Caused by: org.apache.hadoop.hive.ql.metadata.HiveException: org.apache.hadoop.hive.serde2.avro.AvroSerdeException: Number of input columns was different than output columns (in = 9 vs out = 8
        at org.apache.hadoop.hive.ql.exec.FileSinkOperator.process(FileSinkOperator.java:805)
        at org.apache.hadoop.hive.ql.exec.Operator.forward(Operator.java:882)
        at org.apache.hadoop.hive.ql.exec.SelectOperator.process(SelectOperator.java:95)
        at org.apache.hadoop.hive.ql.exec.Operator.forward(Operator.java:882)
        at org.apache.hadoop.hive.ql.exec.TableScanOperator.process(TableScanOperator.java:130)
        at org.apache.hadoop.hive.ql.exec.MapOperator$MapOpCtx.forward(MapOperator.java:146)
        at org.apache.hadoop.hive.ql.exec.MapOperator.process(MapOperator.java:484)
        ... 19 more
Caused by: org.apache.hadoop.hive.serde2.avro.AvroSerdeException: Number of input columns was different than output columns (in = 9 vs out = 8
        at org.apache.hadoop.hive.serde2.avro.AvroSerializer.serialize(AvroSerializer.java:75)
        at org.apache.hadoop.hive.serde2.avro.AvroSerDe.serialize(AvroSerDe.java:212)
        at org.apache.hadoop.hive.ql.exec.FileSinkOperator.process(FileSinkOperator.java:725)
        ... 25 more
19/07/23 17:25:32 ERROR executor.Executor: Exception in task 4.0 in stage 0.0 (TID 2)
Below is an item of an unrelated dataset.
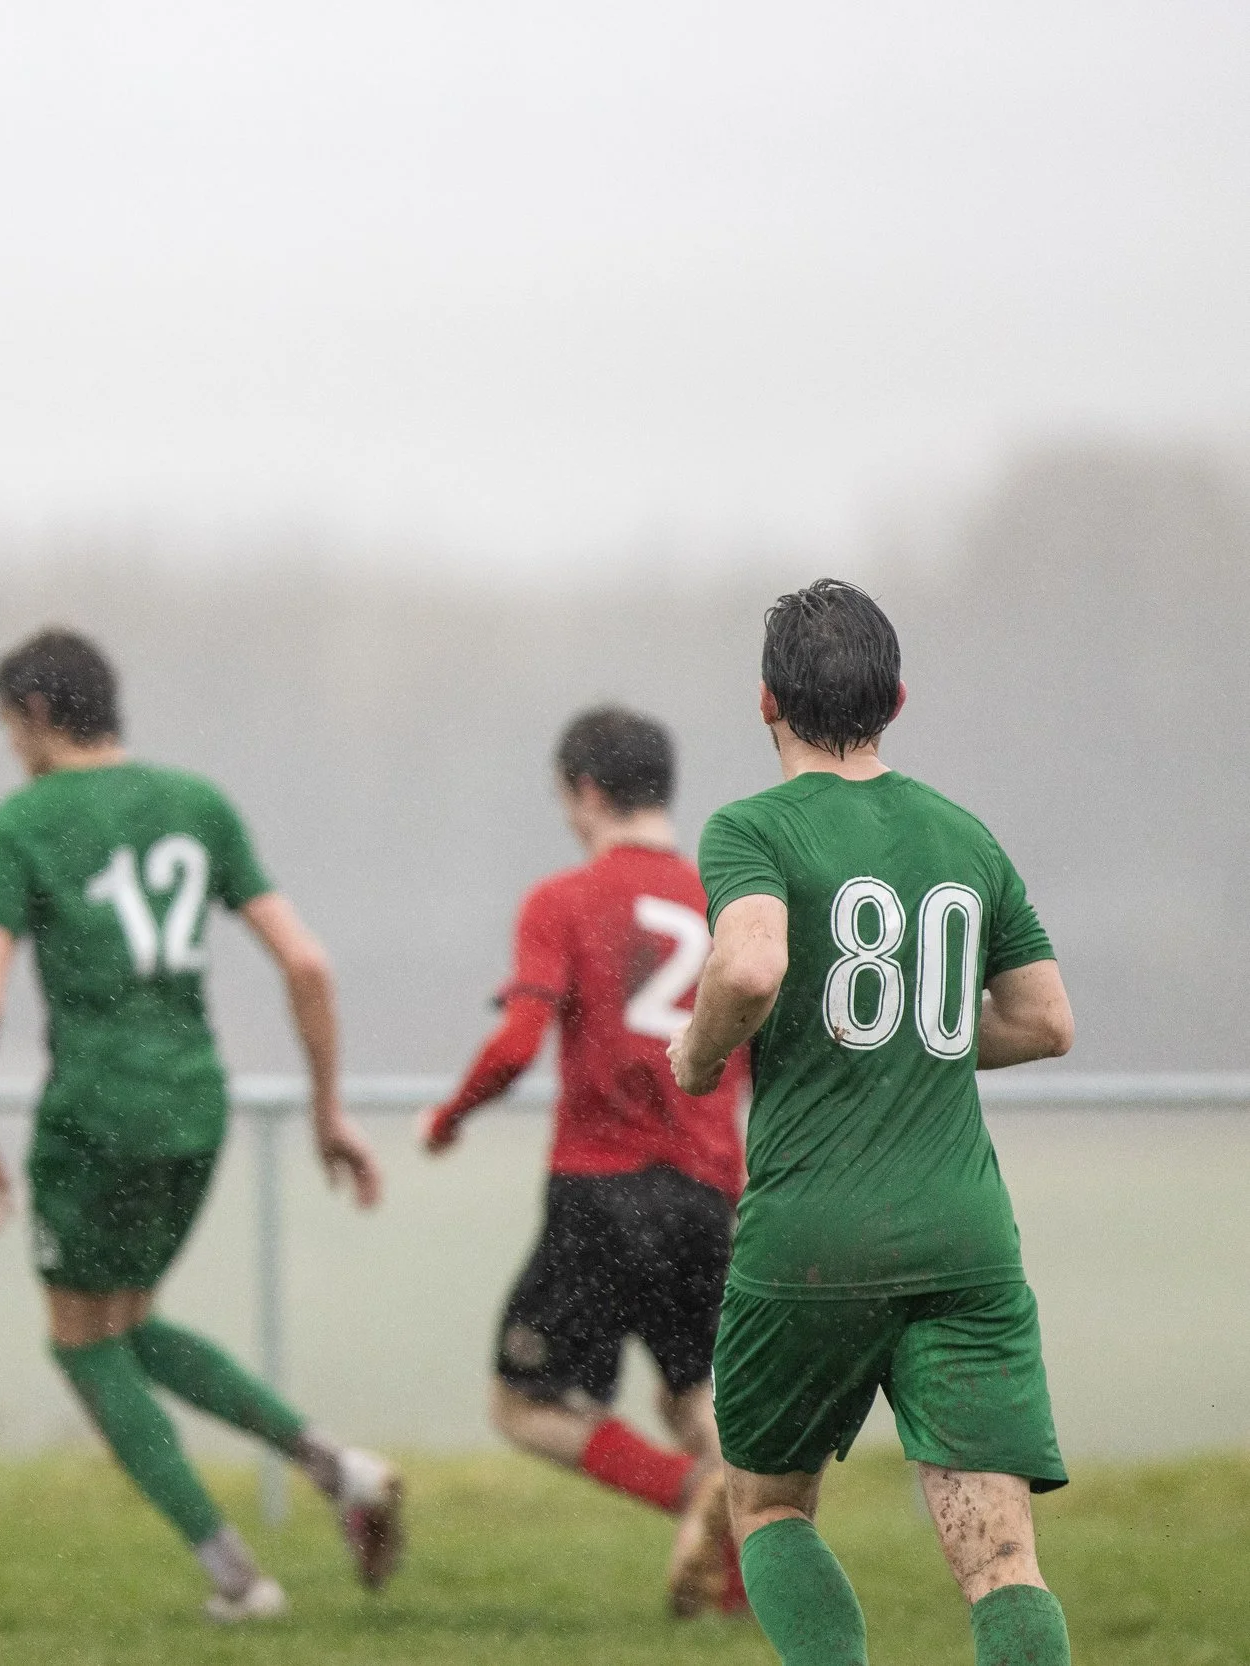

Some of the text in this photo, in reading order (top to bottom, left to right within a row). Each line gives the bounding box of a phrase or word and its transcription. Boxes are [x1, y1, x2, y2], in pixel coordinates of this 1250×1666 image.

3. I found a strange in "explain query".
line24 : expressions: ..... extras (type: string), ....
line41: avro.schema.literal {"type":"record", ....... ,{"name":"extras","type":["null","string"],"default":null}, .....
line44: columns actiontype,contentid,contenttype,device,serviceid,timestamp,userip,userid
No have "extras" field on line 44.
10	
11	STAGE PLANS:
12	  Stage: Stage-1
13	    Spark
14	      DagName: hive_20190723175708_8b93a3ff-d533-48cc-865e-6af87f576858:29
15	      Vertices:
16	        Map 1 
17	            Map Operator Tree:
18	                TableScan
19	                  alias: tb_activity
20	                  filterExpr: (ymd = '2019-07-22') (type: boolean)
21	                  Statistics: Num rows: 16429 Data size: 13275304 Basic stats: COMPLETE Column stats: NONE
22	                  GatherStats: false
23	                  Select Operator
24	                    expressions: actiontype (type: string), contentid (type: string), contenttype (type: string), device (type: string), extras (type: string), serviceid (type: string), timestamp (type: bigint), userip (type: string), userid (type: string), '2019-07-22' (type: string)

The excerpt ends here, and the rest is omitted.